Stop shaming trigger/content warnings

Michea B
3 min readJan 11, 2022

We’ve all heard or seen the lines before mocking trigger and content warnings such as, “Life doesn’t come with trigger warnings! Grow up and stop being so sensitive!” when the topic comes up for discussion. Generally there’s also a meme or several thrown around of women with upset or enraged expressions that have been picked out from a video to maximize the memefication of the so-called “triggered liberal/woman/what have you.” We’re told we’re weak or that “back in [person’s] day nothing had trigger warnings” and we need to “grow a pair.”

Ok, first off, what’s wrong with being sensitive and caring about others as well as your own wellbeing? We are a social species and have survived this long by ensuring the wellbeing and safety of those around us. It’s only been in recent history that the shift has been toward individualism (or social atomization) and away from community (brought about mostly through settler colonialism/imperialism) and those who remain focused on their communities are often shunned. Caring for the wellbeing of others is seen as a weakness in Western countries unless there is a specific reason behind it, such as a familial obligation or a romantic partnership, when in the past it was understood that the community could only survive if everyone’s needs were met.

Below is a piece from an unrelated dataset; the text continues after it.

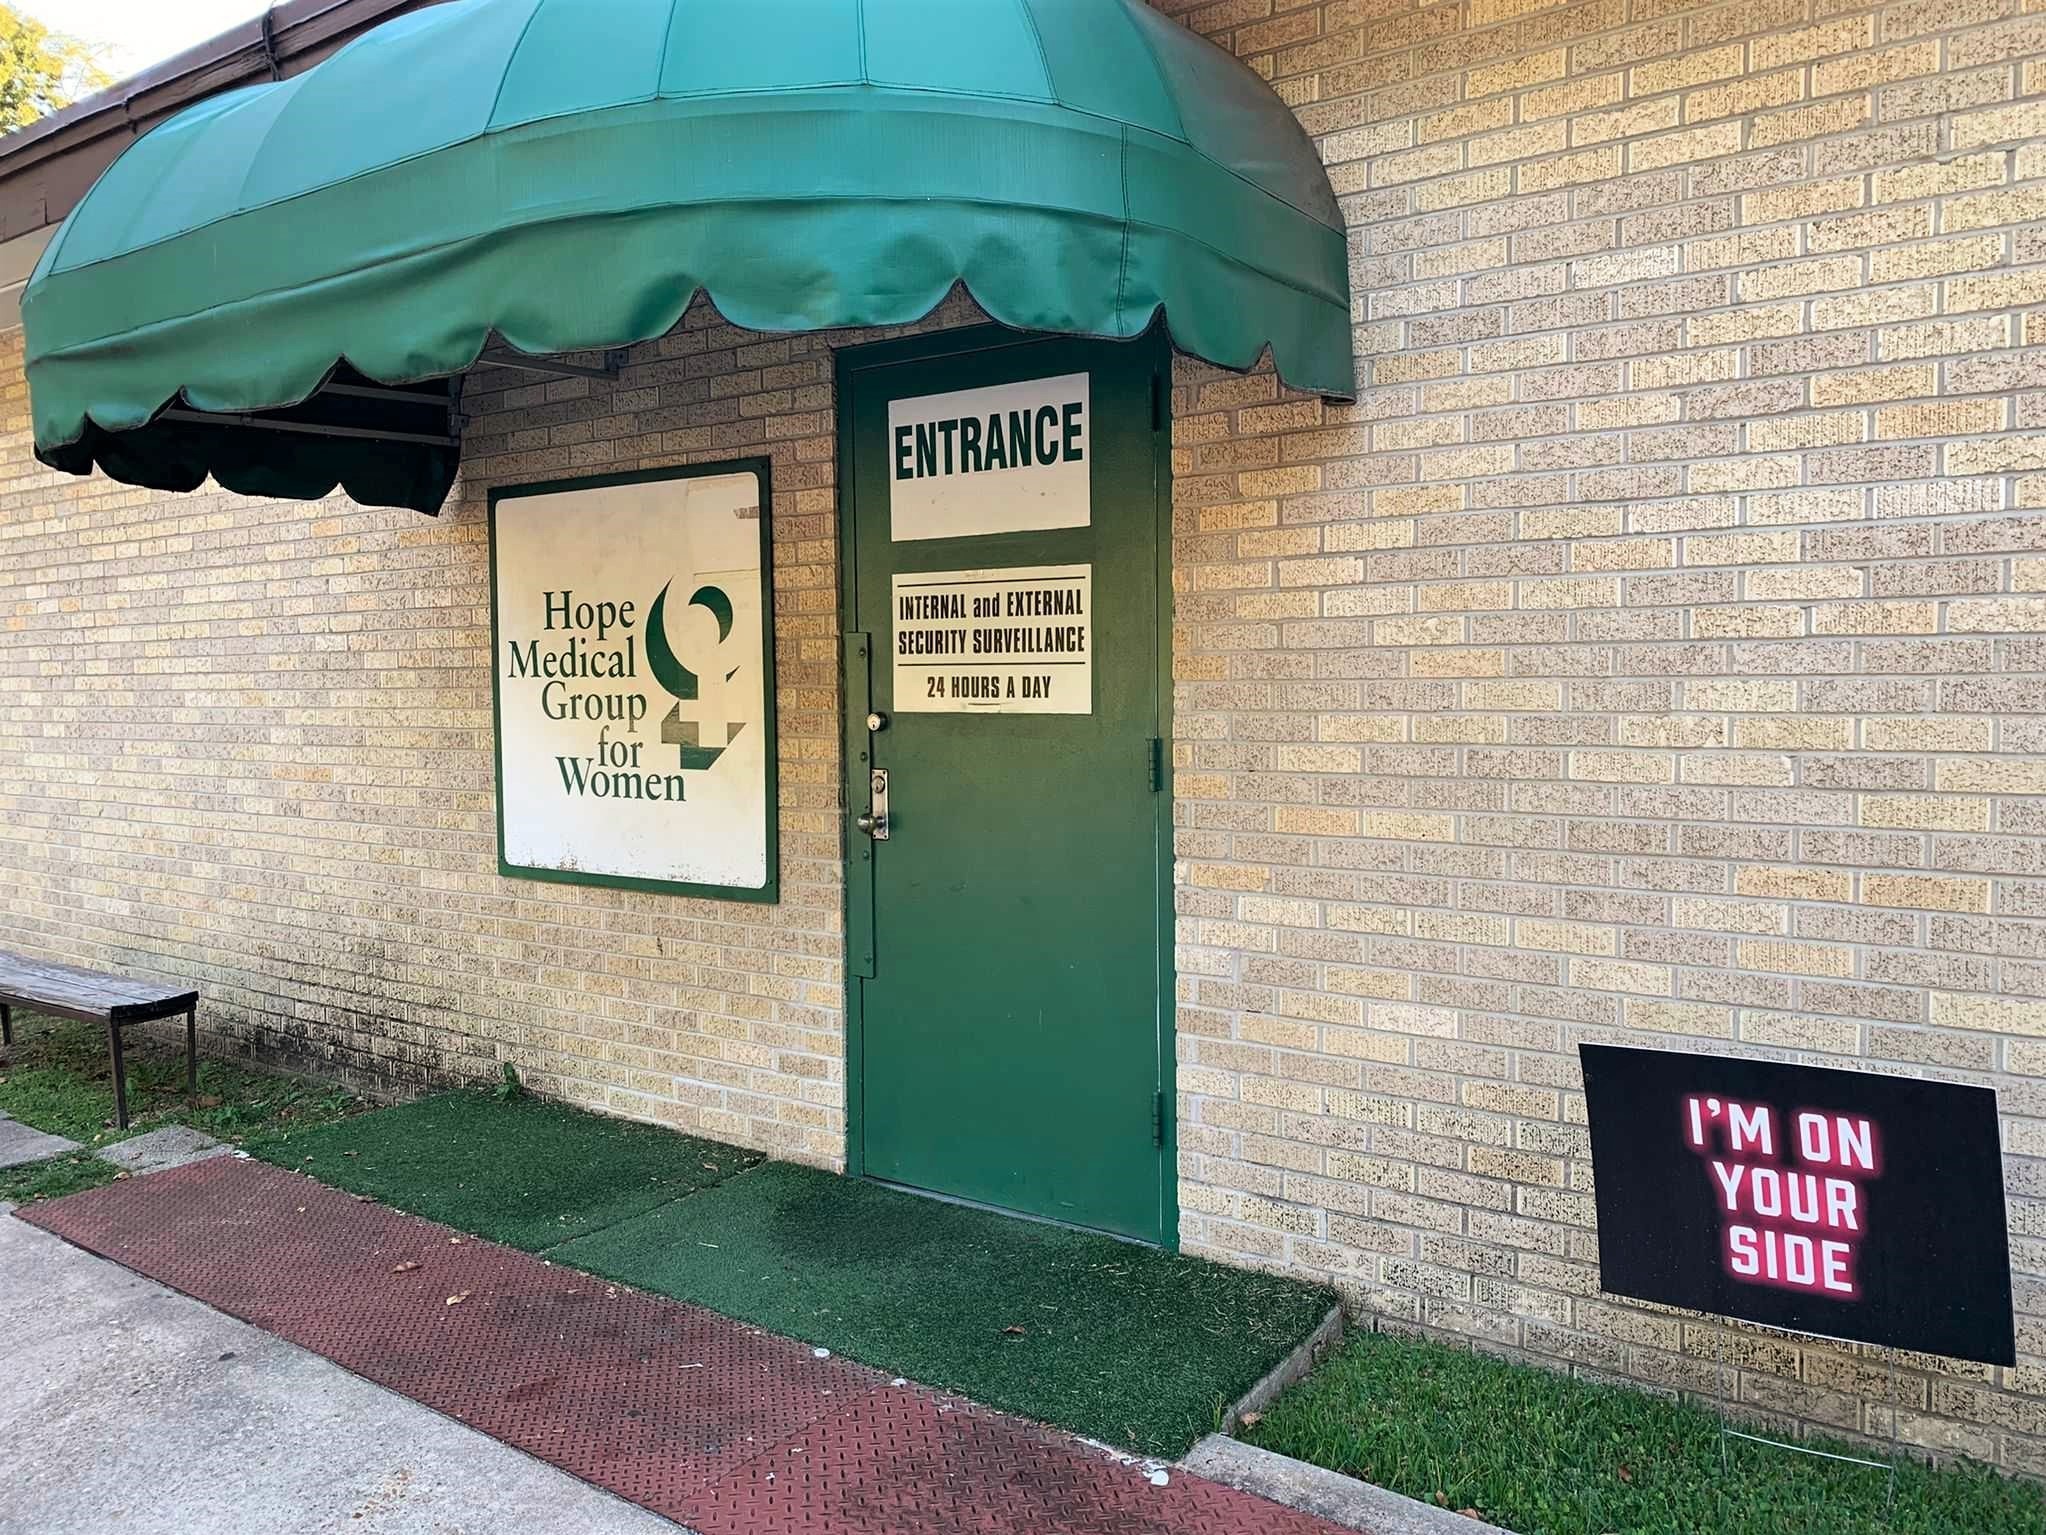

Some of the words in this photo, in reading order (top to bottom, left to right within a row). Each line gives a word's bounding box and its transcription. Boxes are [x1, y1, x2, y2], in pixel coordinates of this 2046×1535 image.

We appear to be in a culture these days when the idea of thinking of others when we act is an infringement on our “freedoms” (especially in the USA), whether it be in dealing with the COVID pandemic or letting someone know that what you plan on talking about might be a topic that could cause distress. We tell people to pull themselves up by their own bootstraps (a phrase that doesn’t mean what people think it means) when they reach out for help navigating an increasingly hostile world, or tell them that we had it hard, so why should they have it easier?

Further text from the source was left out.